Indeed, receiving third-party quality verification for ingredients coming out of China has been a priority for many firms, anxious to reassure customers in light of recent ingredient scares in the country.
Out of the 11 dietary supplement ingredients firms that participate in USP’s verification program, six of these are in China, USP’s John Atwater told NutraIngredients-USA.com today.
These include Huain MDC Chemistry, Pura Pharm International, Tangshan Sanxin Biochemical Products, TSI Health Sciences, Yantai Dongcheng Biochemical and ZMC. USP’s Chinese office is based in Shanghai.
The group's verification program encompasses both active and inactive ingredients in the manufacture of dietary supplements.
Ingredients that meet the requirements of the verification processes can use the USP Verified Dietary Supplement Ingredient Mark on their products. According to USP, this helps manufacturers recognize that they are buying ingredients of consistent quality.

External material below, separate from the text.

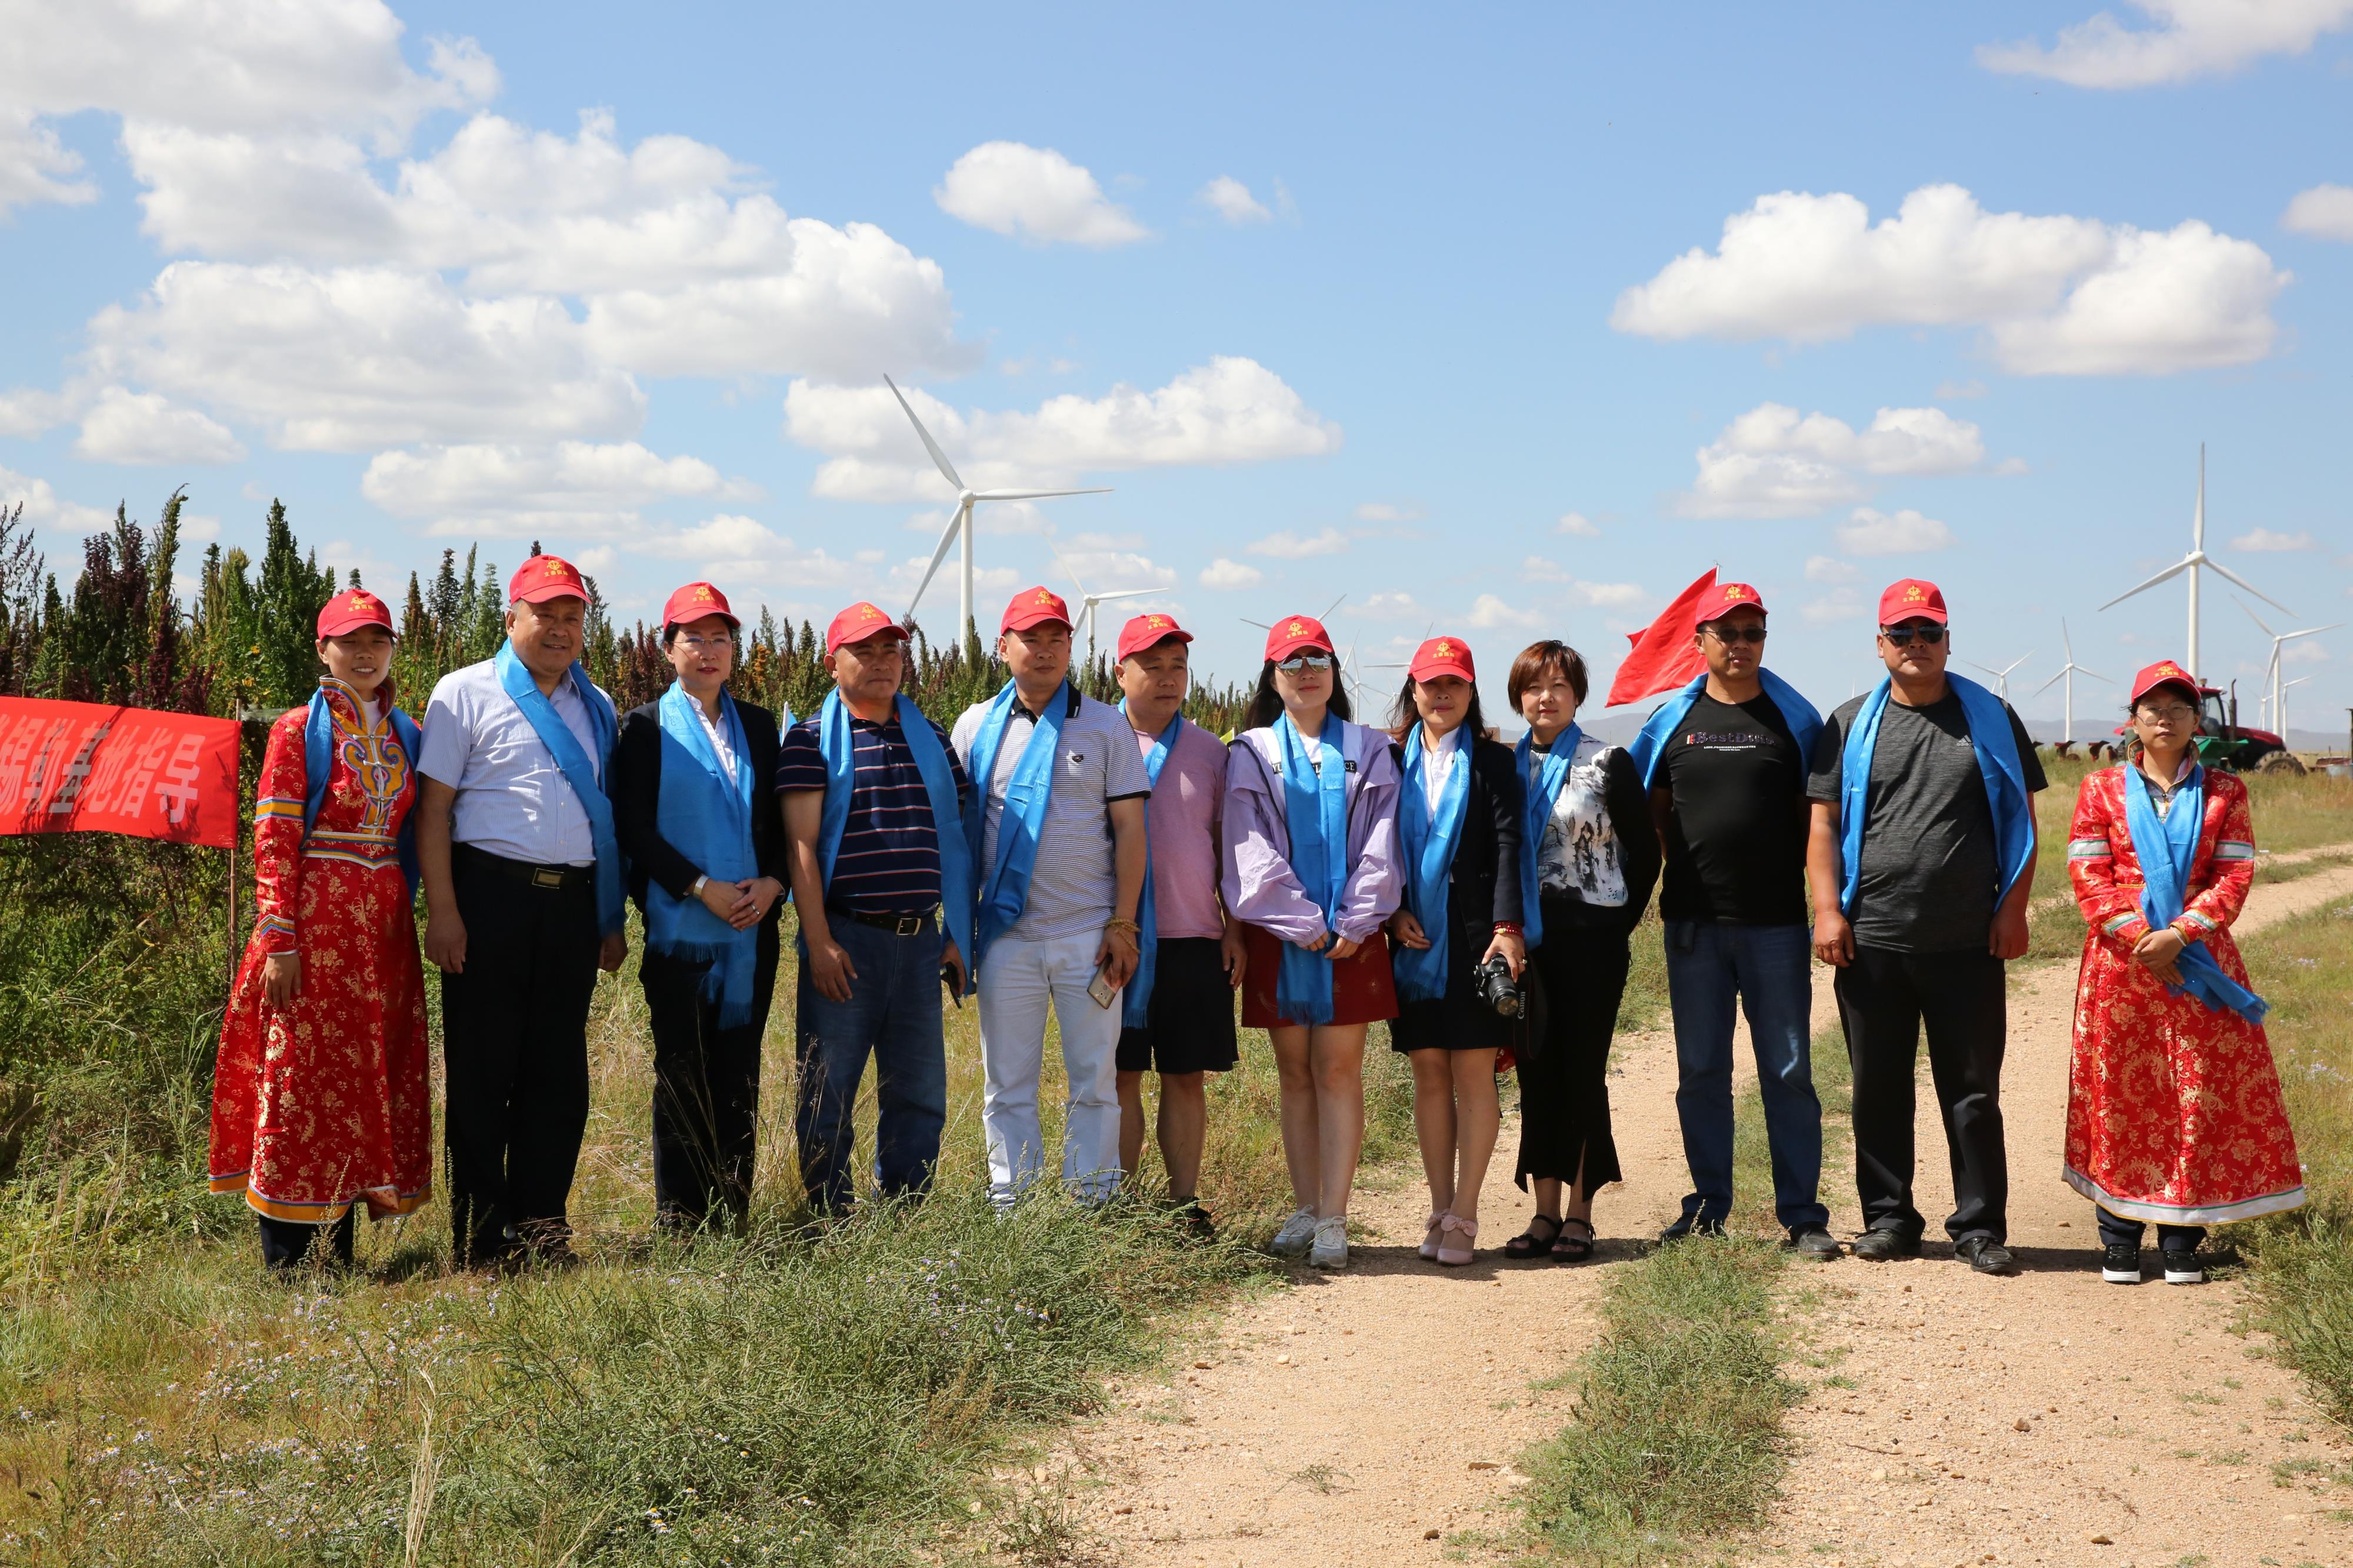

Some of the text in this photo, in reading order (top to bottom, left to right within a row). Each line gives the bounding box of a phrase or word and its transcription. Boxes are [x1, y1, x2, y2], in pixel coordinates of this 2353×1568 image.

[0, 714, 206, 823] 锡勒基地指导
[1518, 991, 1526, 1019] Canon

In order to grant ZMC the use of its quality mark, USP verified the company's vitamin E ingredients through an audit of good manufacturing practices, conducted at the firm's plant in Zhejiang Province, China, as well as a review of manufacturing and quality control documentation, and laboratory testing.
The verification means that the ingredients are guaranteed consistent from batch to batch, said ZMC. They also meet label or certificate analysis claims for identity, strength, purity and quality, and they are prepared in accordance with accepted manufacturing processes.
The specific ingredients tested include D-alpha tocopheryl succinate, D.L alpha tocopheryl acetate and D-alpha tocopheryl acetate.
There are eight forms of vitamin E: four tocopherols (alpha, beta, gamma, delta) and four tocotrienols (alpha, beta, gamma, delta).
Alpha-tocopherol (alpha-Toc) is the main source found in supplements and in the European diet, while gamma-tocopherol (gamma-Toc) is the most common form in the American diet.
Studies have linked vitamin E to a host of health benefits, such as improving the function of the liver and thereby strengthening the body's defense system, as well as helping to protect against Alzheimer's disease. It is also thought to have an anti-cancer effect.
The vitamin E category suffered a big hit in 2005 following a widely publicized meta-analysis at the tail end of 2004 that linked vitamin E with an increased risk of all-cause mortality (Annals of Internal Medicine 2005 Jan 4;142(1):37-46).
The study stated that daily vitamin E doses of 400 international units (IU) or more can increase the risk of death and should be avoided.
The conflicting evidence has left consumers unsure of the benefits and wary of the harm. The day after the report came out, 20 percent of US consumers taking vitamin E supplements stopped taking them. Sales of the vitamin fell some $102m. Indeed, Cognis Nutrition and Health, one of the leading suppliers of vitamin E in the US reported a decrease in demand for its natural vitamin E products of 40 per cent, which led to a drop in revenues of 18 per cent in 2005.
However, the situation has since improved, with the market now recovered to the point where major vitamin E suppliers, such as Cognis and DSM, feel it can absorb recently implemented price increases.